### Exercise requirements
The required result is an exact copy of the lines from the one containing "this 1600×1200 image." to the last line of the records, both ends included, without pictures.

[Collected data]
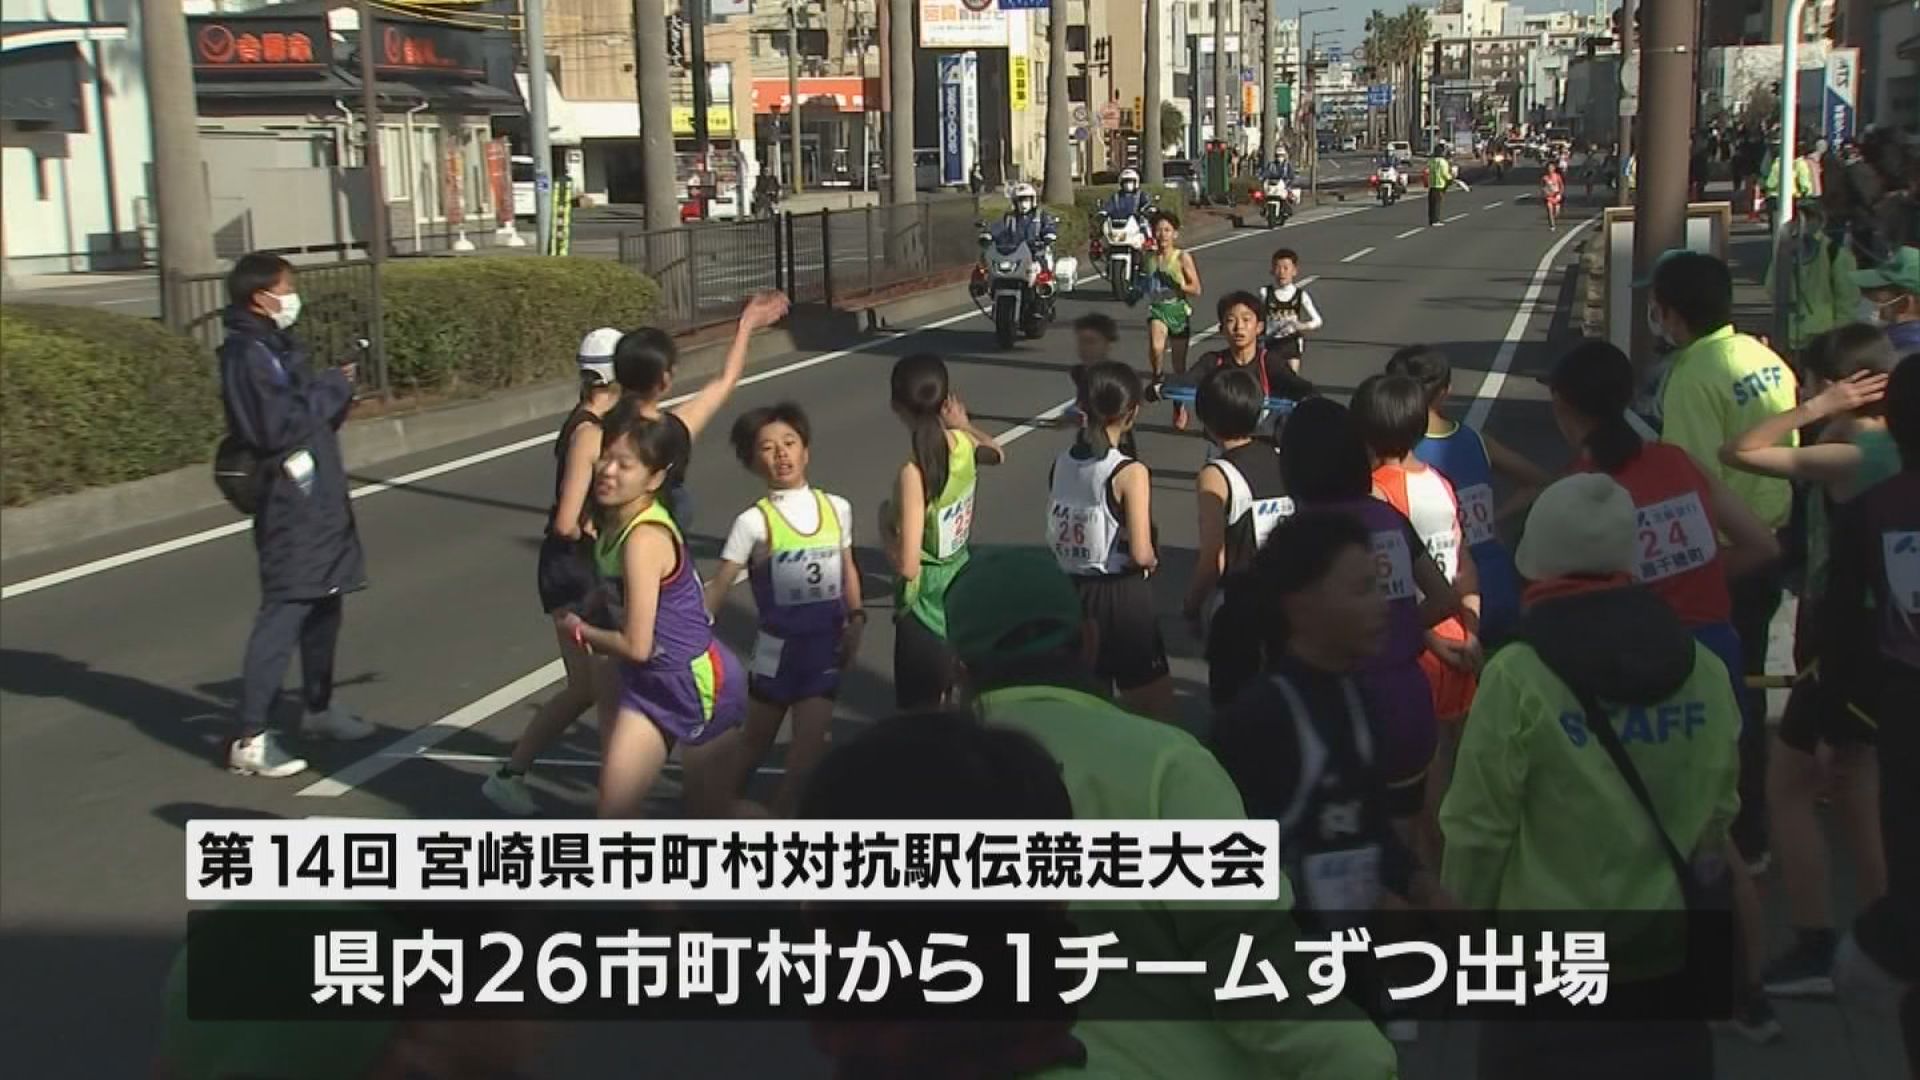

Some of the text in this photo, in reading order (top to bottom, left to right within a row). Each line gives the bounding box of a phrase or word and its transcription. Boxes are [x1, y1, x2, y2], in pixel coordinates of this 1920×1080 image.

[1732, 365, 1781, 406] STAFF
[1059, 520, 1085, 544] 26
[1639, 519, 1688, 561] 24
[806, 562, 822, 585] 3
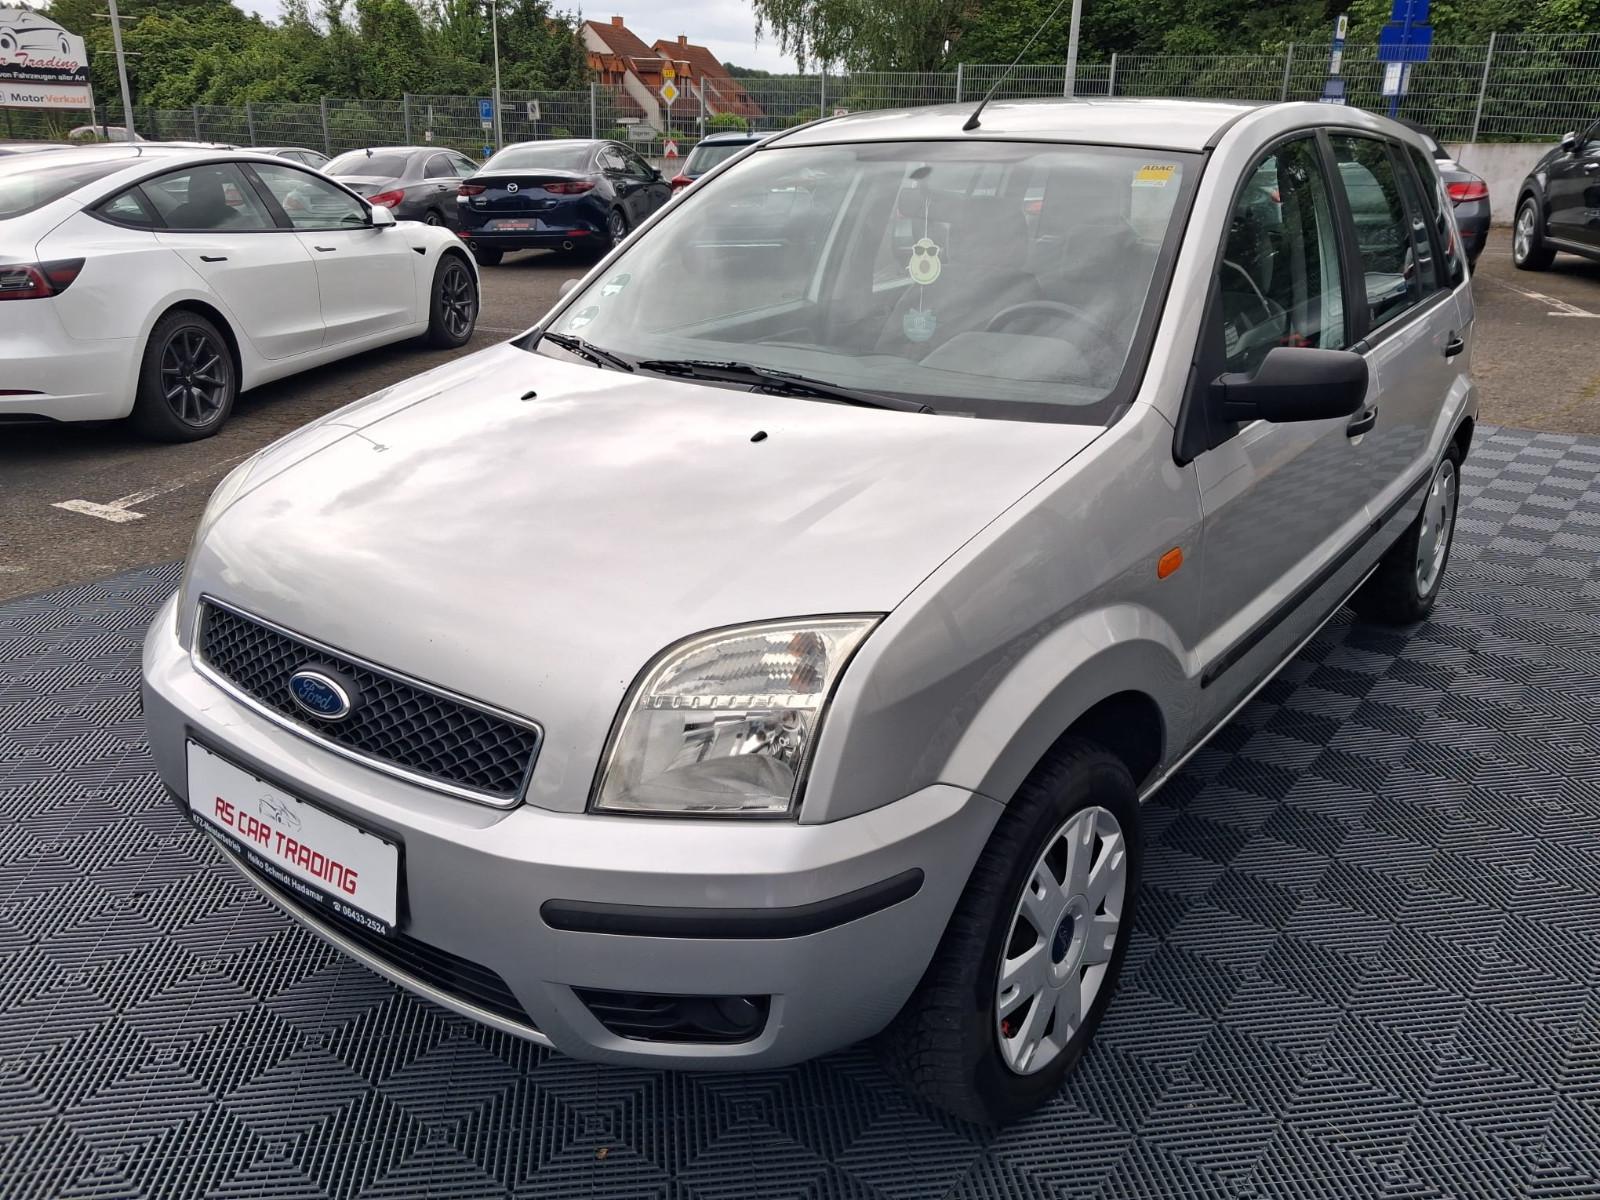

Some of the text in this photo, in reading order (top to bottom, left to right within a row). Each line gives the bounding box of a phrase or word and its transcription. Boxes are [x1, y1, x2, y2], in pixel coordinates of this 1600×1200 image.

[12, 72, 56, 80] Fahrzeugen
[15, 52, 79, 73] Trading
[299, 679, 333, 710] Ford
[215, 797, 358, 895] RS CAR TRADING
[247, 851, 264, 868] Heiko
[264, 863, 290, 886] Schmidt
[291, 879, 323, 902] Hadamar
[343, 905, 386, 935] 06433-2524
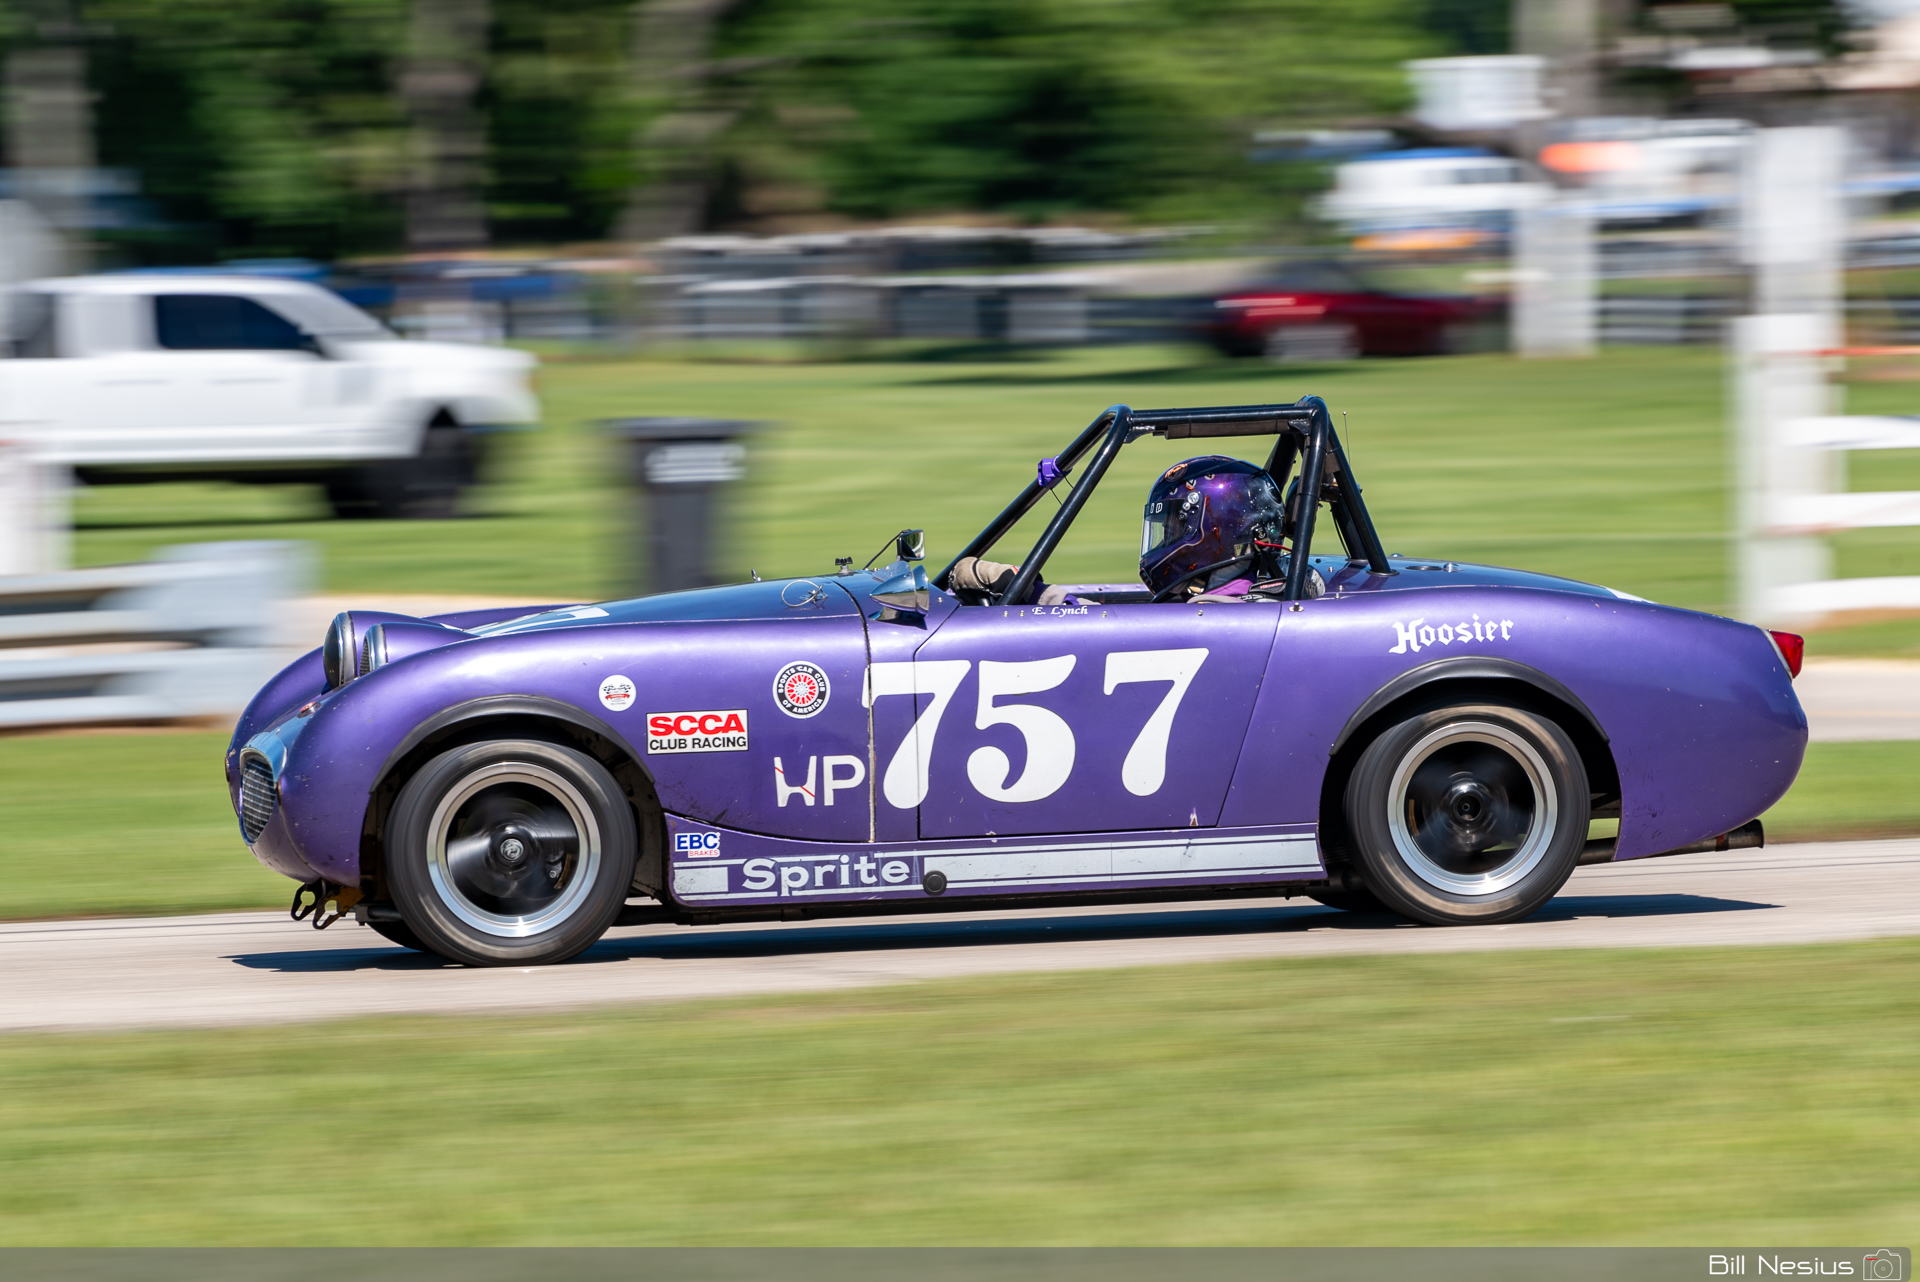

### Result of this task
Some of the text in this photo, in reading order (top to bottom, left to right within a row). Each line gives the bounding box of a phrase or word and its transcription. Boxes are [x1, y1, x2, y2], in pixel coordinates of this 1600×1200 image.

[12, 72, 56, 80] Fahrzeugen
[15, 52, 79, 73] Trading
[299, 679, 333, 710] Ford
[215, 797, 358, 895] RS CAR TRADING
[247, 851, 264, 868] Heiko
[264, 863, 290, 886] Schmidt
[291, 879, 323, 902] Hadamar
[343, 905, 386, 935] 06433-2524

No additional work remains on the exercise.